# Aim of the exercise
Reproduce each record verbatim, images excluded.

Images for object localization

>>>

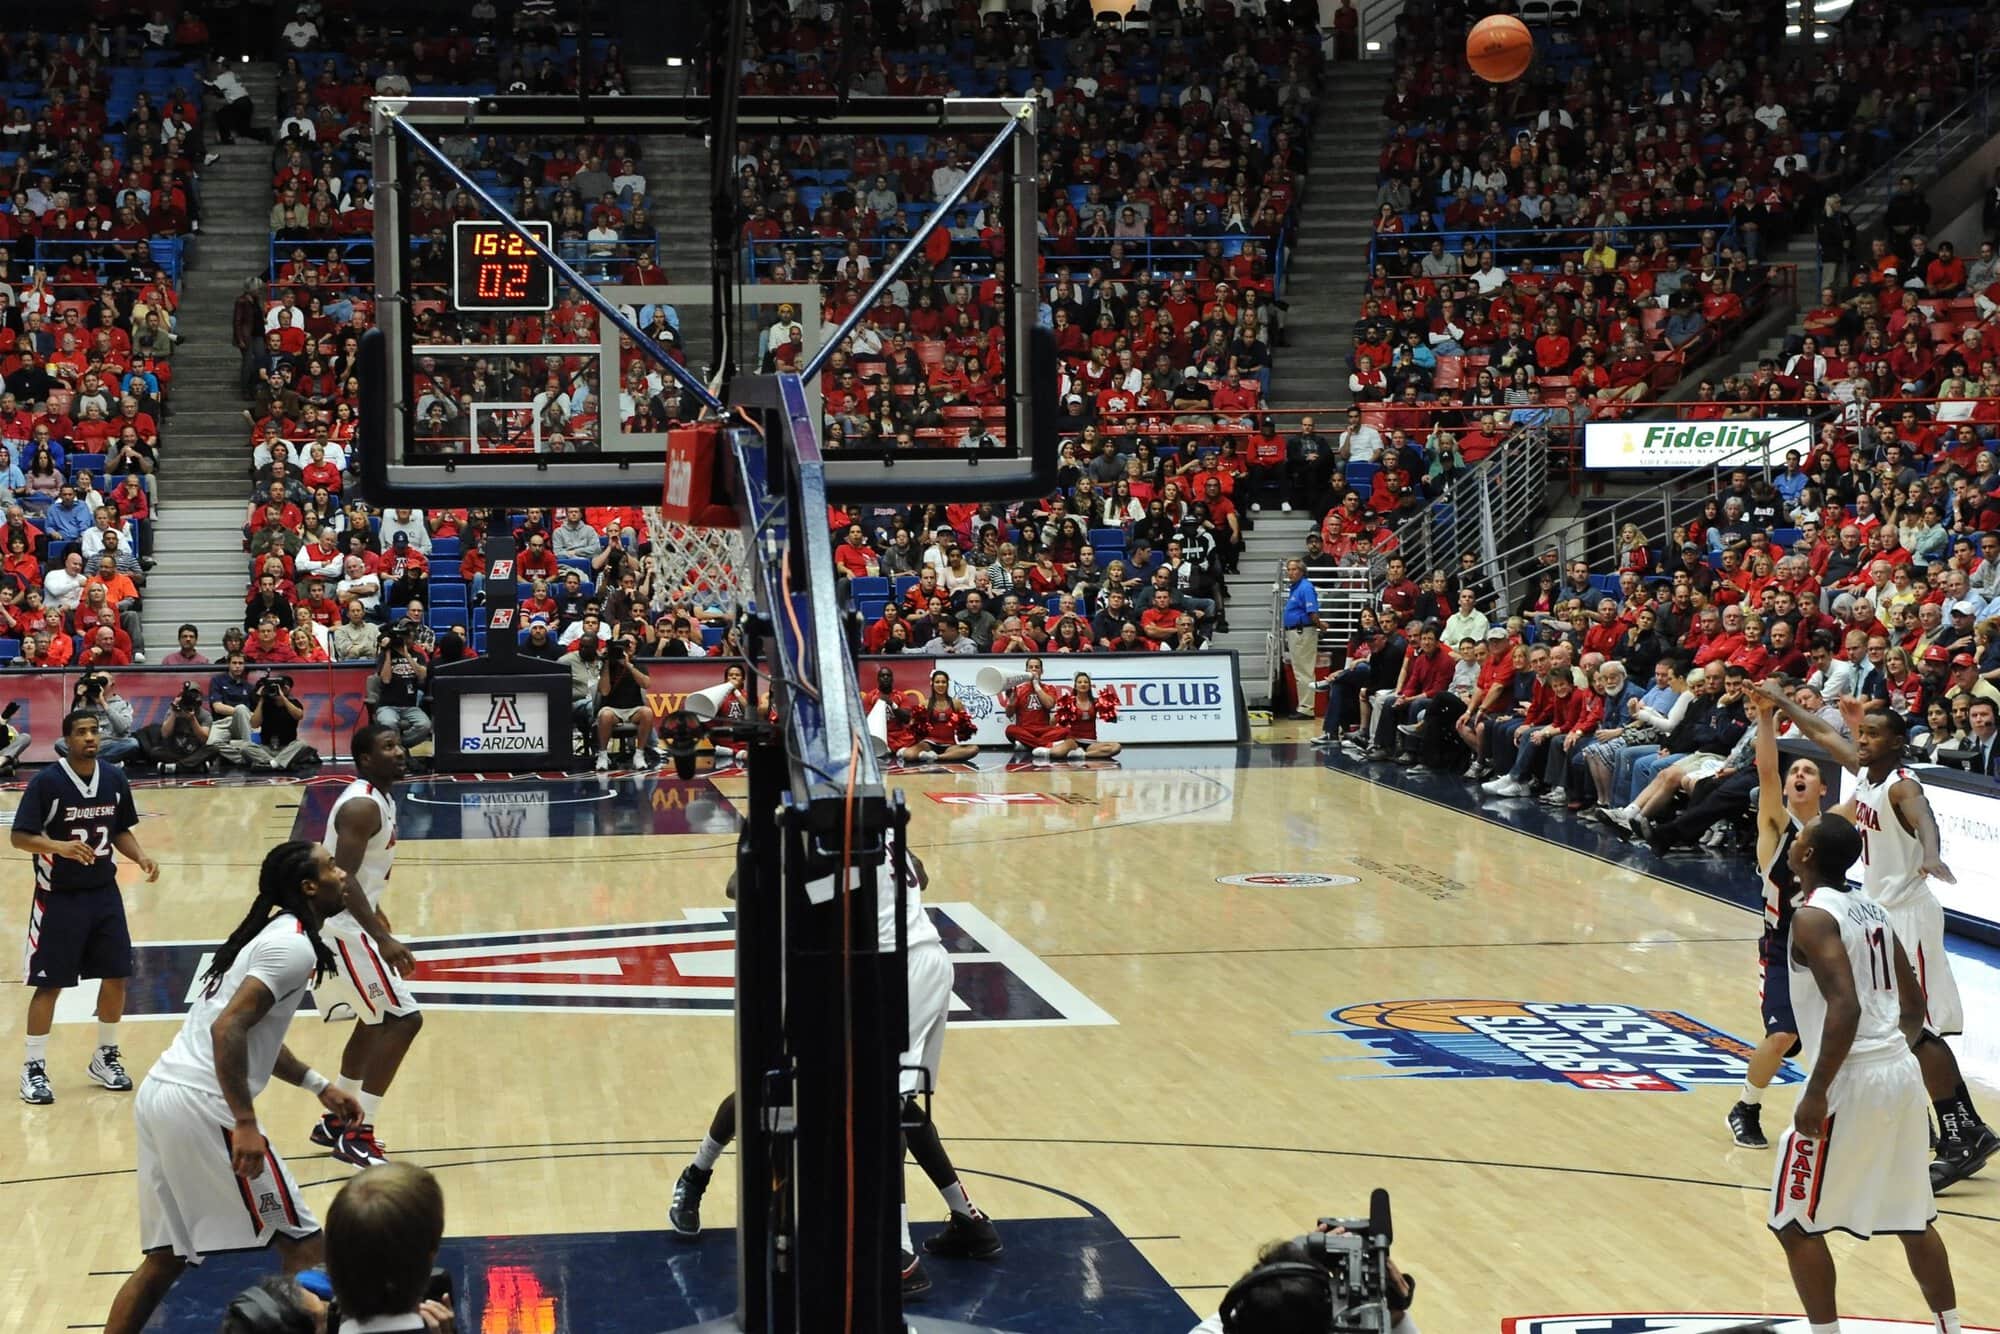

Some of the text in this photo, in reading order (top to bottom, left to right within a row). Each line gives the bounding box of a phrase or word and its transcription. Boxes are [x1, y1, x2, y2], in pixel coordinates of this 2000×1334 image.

[479, 264, 528, 297] 02
[1643, 426, 1771, 453] Fidelity
[481, 736, 544, 750] ARIZONA
[64, 805, 116, 821] DUQUESNE
[1864, 927, 1892, 990] 11
[1456, 1015, 1640, 1063] SPORTS
[1523, 1003, 1786, 1084] CLASSIC
[1582, 1073, 1663, 1090] 2K
[1790, 1139, 1815, 1201] CATS

<<<

# Written solution
Some of the text in this photo, in reading order (top to bottom, left to right within a row). Each line gives the bounding box of a phrase or word and its transcription. Boxes are [x1, y1, x2, y2], in pixel coordinates of this 2000×1334 image.

[479, 264, 528, 297] 02
[1643, 426, 1771, 453] Fidelity
[481, 736, 544, 750] ARIZONA
[64, 805, 116, 821] DUQUESNE
[1864, 927, 1892, 990] 11
[1456, 1015, 1640, 1063] SPORTS
[1523, 1003, 1786, 1084] CLASSIC
[1582, 1073, 1663, 1090] 2K
[1790, 1139, 1815, 1201] CATS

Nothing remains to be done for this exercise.